La sceneggiatura ha una connotazione più biografica rispetto a Starman, con cui comunque condivide la scelta di dedicare quasi tutto lo spazio al percorso dell’artista prima dell’addio a Ziggy Stardust.
Con l’eccezione di alcuni flashforward per peparare il gran finale, Bowie si dipana in un racconto più cronologico e lineare, offrendo al lettore numerose informazioni – come le date degli eventi – attraverso le didascalie.
Anche se i due graphic novel condividono una buona dose di visionarietà allucinatoria, Starman si può definire come un viaggio nell’anima di David, mentre Bowie è una ricca cronaca della sua carriera.
Questa diversità si riflette anche nella costruzione delle tavole e nel disegno.
Kleist ha uno stile più autoriale: una griglia di vignette tradizionale che stravolge quando necessario, un tratto cinetico e rétro che determina anche la scelta dei colori, realizzati insieme a Thomas Gilke.
Allred, che viene dal fumetto di supereroi, sembra voler immortalare – nel vero senso della parola – i suoi personaggi sulla pagina, trasformandoli con il tratto pulito della sua linea chiara in vere icone al di fuori del tempo.
Anche in questo caso, la colorazione digitale di Laura Allred va decisamente nella stessa direzione: quella di offrire al lettore tavole davvero spettacolari, con il frequente ricorso alla splash page.
Tra le due opere, in ogni caso, i punti di contatto non mancano.
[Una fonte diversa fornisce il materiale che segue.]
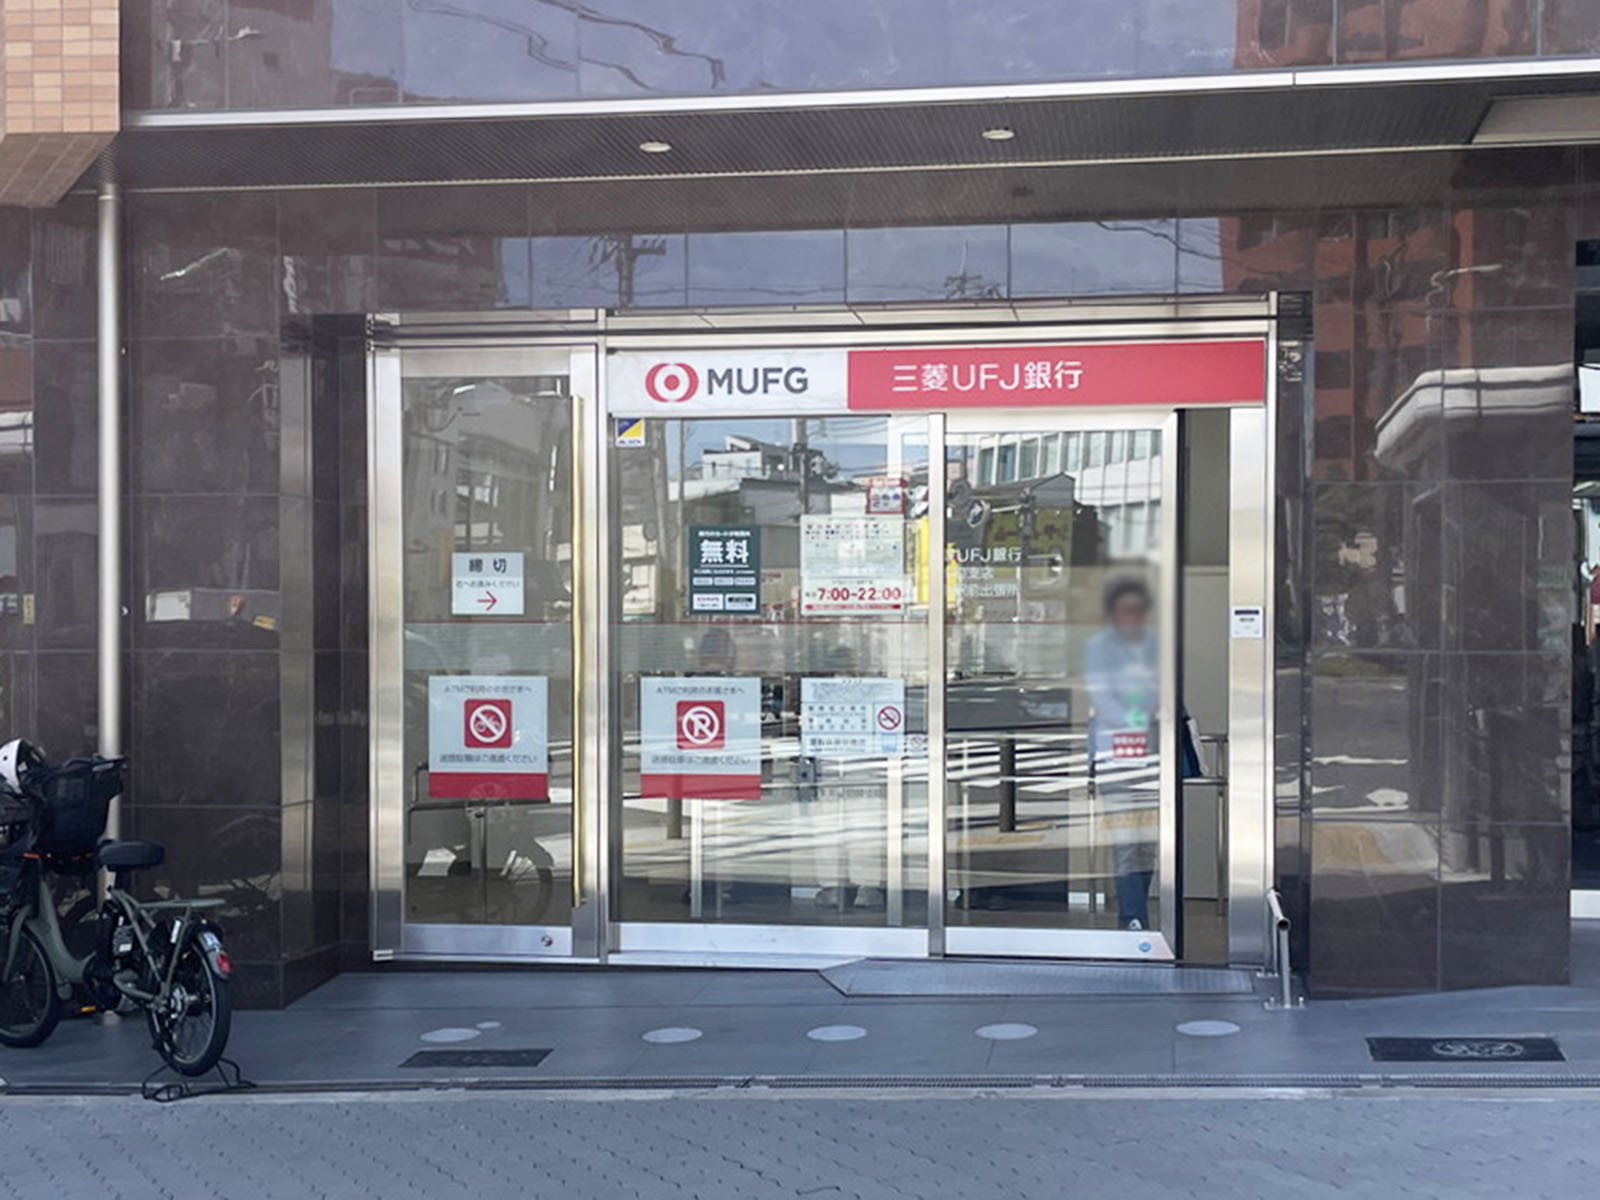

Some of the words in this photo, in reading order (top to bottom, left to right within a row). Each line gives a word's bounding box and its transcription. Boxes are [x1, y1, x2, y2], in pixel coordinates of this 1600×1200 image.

Forse però Bowie si può considerare un lettura più adatta ai neofiti del Duca Bianco, mentre Starman offrirà maggiori soddisfazioni a chi già conosce il suo percorso.
Ma non fatevi ingannare: all’ombra di David Bowie, in entrambi i casi, potrebbe nascondersi Ziggy Stardust. Perché in fondo, come ricorda Kurt Vonnegut, “siamo quello che fingiamo di essere”.